Fossilized remains of mammoth snake discovered

ByABC News
February 4, 2009, 1:09 PM

— -- Indiana Jones take heart: A snake on the loose 58 million years ago would help everyone understand your phobia.

Scientists are reporting the discovery of the fossilized remains of the largest snake ever recorded a 42-foot behemoth weighing more than a ton, according to an analysis in today's issue of the journal Nature. By studying fossilized sections of the snake's remains, scientists were able to estimate the size of the crocodile-consuming boa.

The study says Titanoboa was the largest non-marine vertebrate from the epoch following the extinction of dinosaurs 65 million years ago, and "greatly exceeds the largest verifiable body lengths" of the largest known Python (approximately 29.53 feet) or Eunectes, a species of which the Anaconda is a part, (22.97 feet).
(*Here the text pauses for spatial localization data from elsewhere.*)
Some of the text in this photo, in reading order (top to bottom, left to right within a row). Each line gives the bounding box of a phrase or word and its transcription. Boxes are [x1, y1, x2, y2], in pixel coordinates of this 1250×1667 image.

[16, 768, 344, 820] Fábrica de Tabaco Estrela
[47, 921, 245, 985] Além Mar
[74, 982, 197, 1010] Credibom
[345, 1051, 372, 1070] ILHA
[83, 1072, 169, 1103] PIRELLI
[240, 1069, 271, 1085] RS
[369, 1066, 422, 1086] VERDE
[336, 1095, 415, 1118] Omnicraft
The newly recognized species, Titanoboa is a relative of the modern day Anaconda, a non venomous snake inhabiting fresh water rivers in Central and South America and preying on carnivores it crushes with powerful muscles or pulls under water and drowns. A meal is satisfied with one long gulp.

The vertebra of Titanoboa were found in a large coal mine in northeastern Colombia, an area the researchers report is the oldest known rainforest in the Americas.
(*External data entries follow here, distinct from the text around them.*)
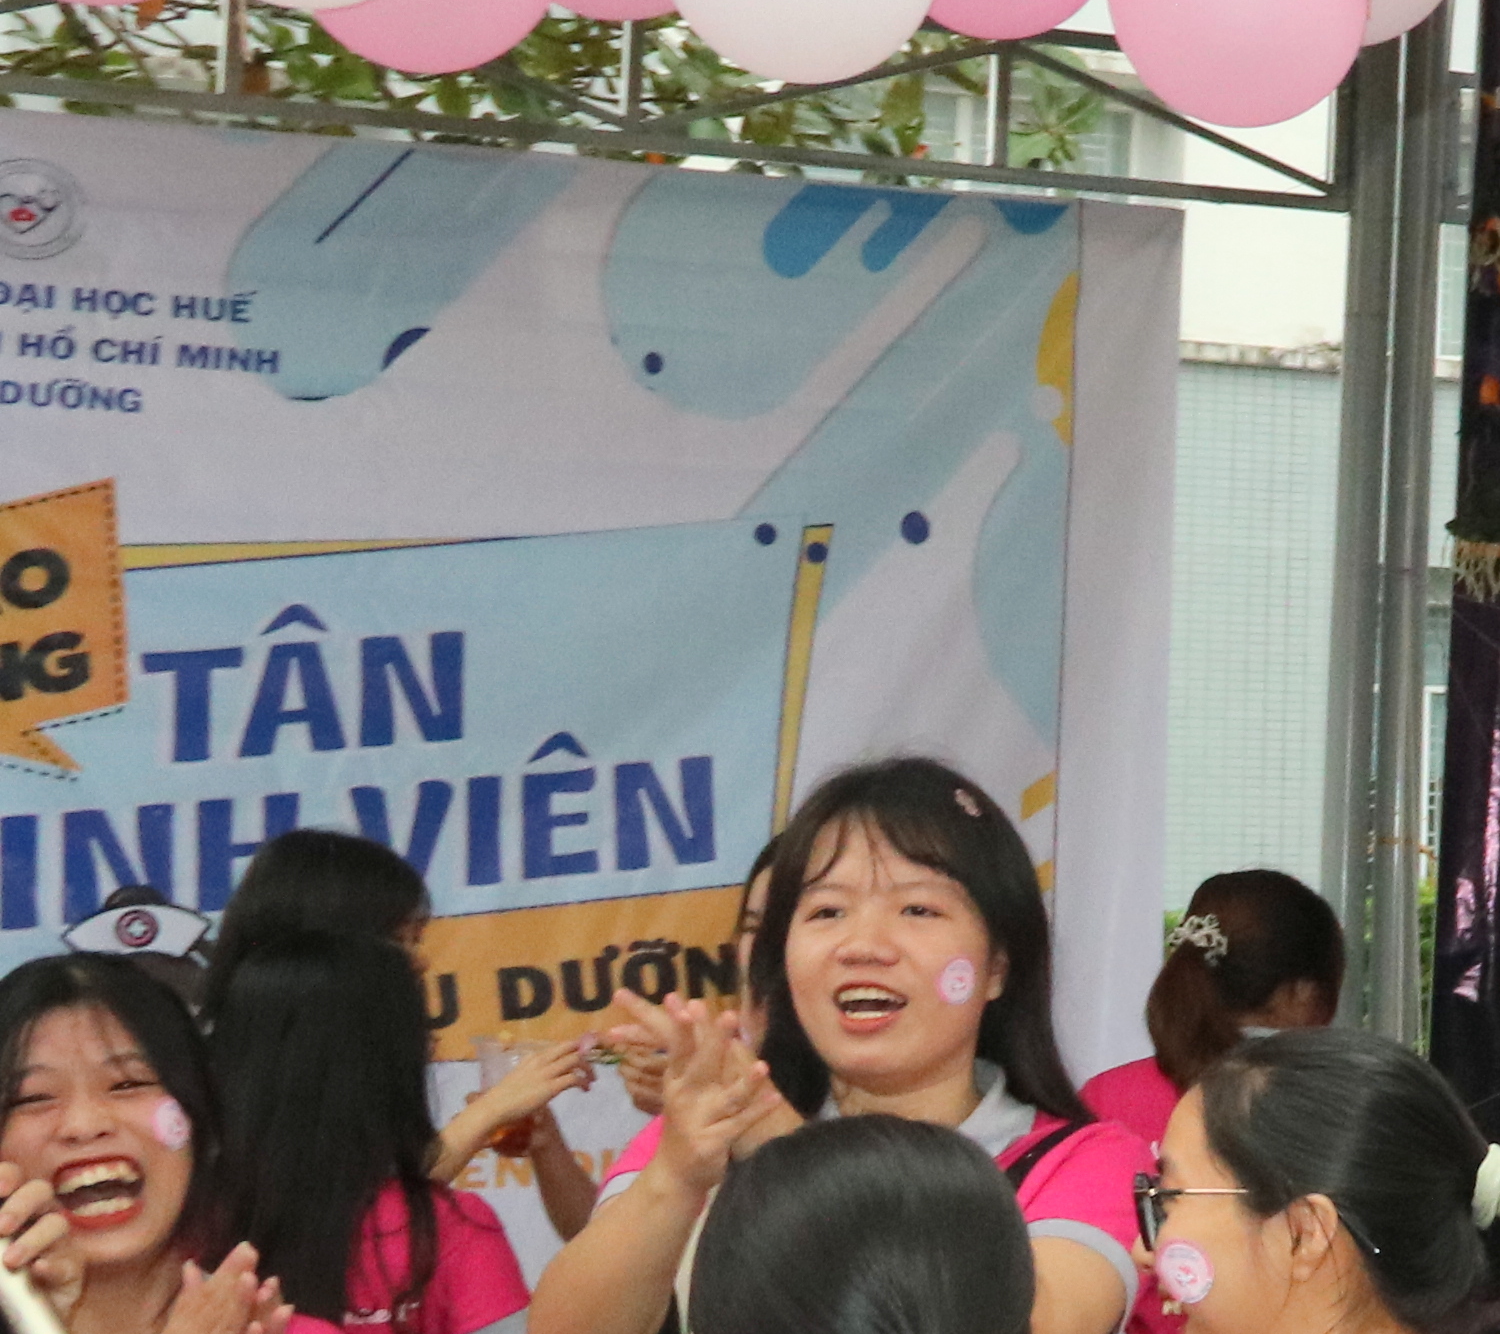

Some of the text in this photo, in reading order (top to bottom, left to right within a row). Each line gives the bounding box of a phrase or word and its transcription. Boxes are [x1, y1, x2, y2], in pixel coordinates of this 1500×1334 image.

[72, 287, 155, 320] HỌC
[171, 290, 258, 323] HUẾ
[175, 343, 280, 374] MINH
[142, 602, 467, 764] TÂN
[349, 729, 717, 911] VIÊN
[500, 938, 742, 1023] DƯỠN
Carlos Jaramillo of the Smithsonian Tropical Research Institute in Panama has been studying in the coal mine for six years.

"It's a fantastic viewing opportunity and perfect place to find fossils," he said Monday from Panama.

A botanist, Jaramillo said when he came across the fossils, he contacted Jonathan Bloch, a curator of Vertebrate Paleontology at the University of Florida. Together, they excavated the remains and shipped them to the University of Florida.

"I thought he had to be 100 feet long when I saw the vertebra," said Bloch. "My students pulled out the largest vertebra of an Anaconda they could find. One backbone of the Titanoboa dwarfed it."

Bloch said he immediately contacted Jason Head of the University of Toronto, a biologist and specialist in "the evolution of big snakes," and showed him the vertebra during a video chat.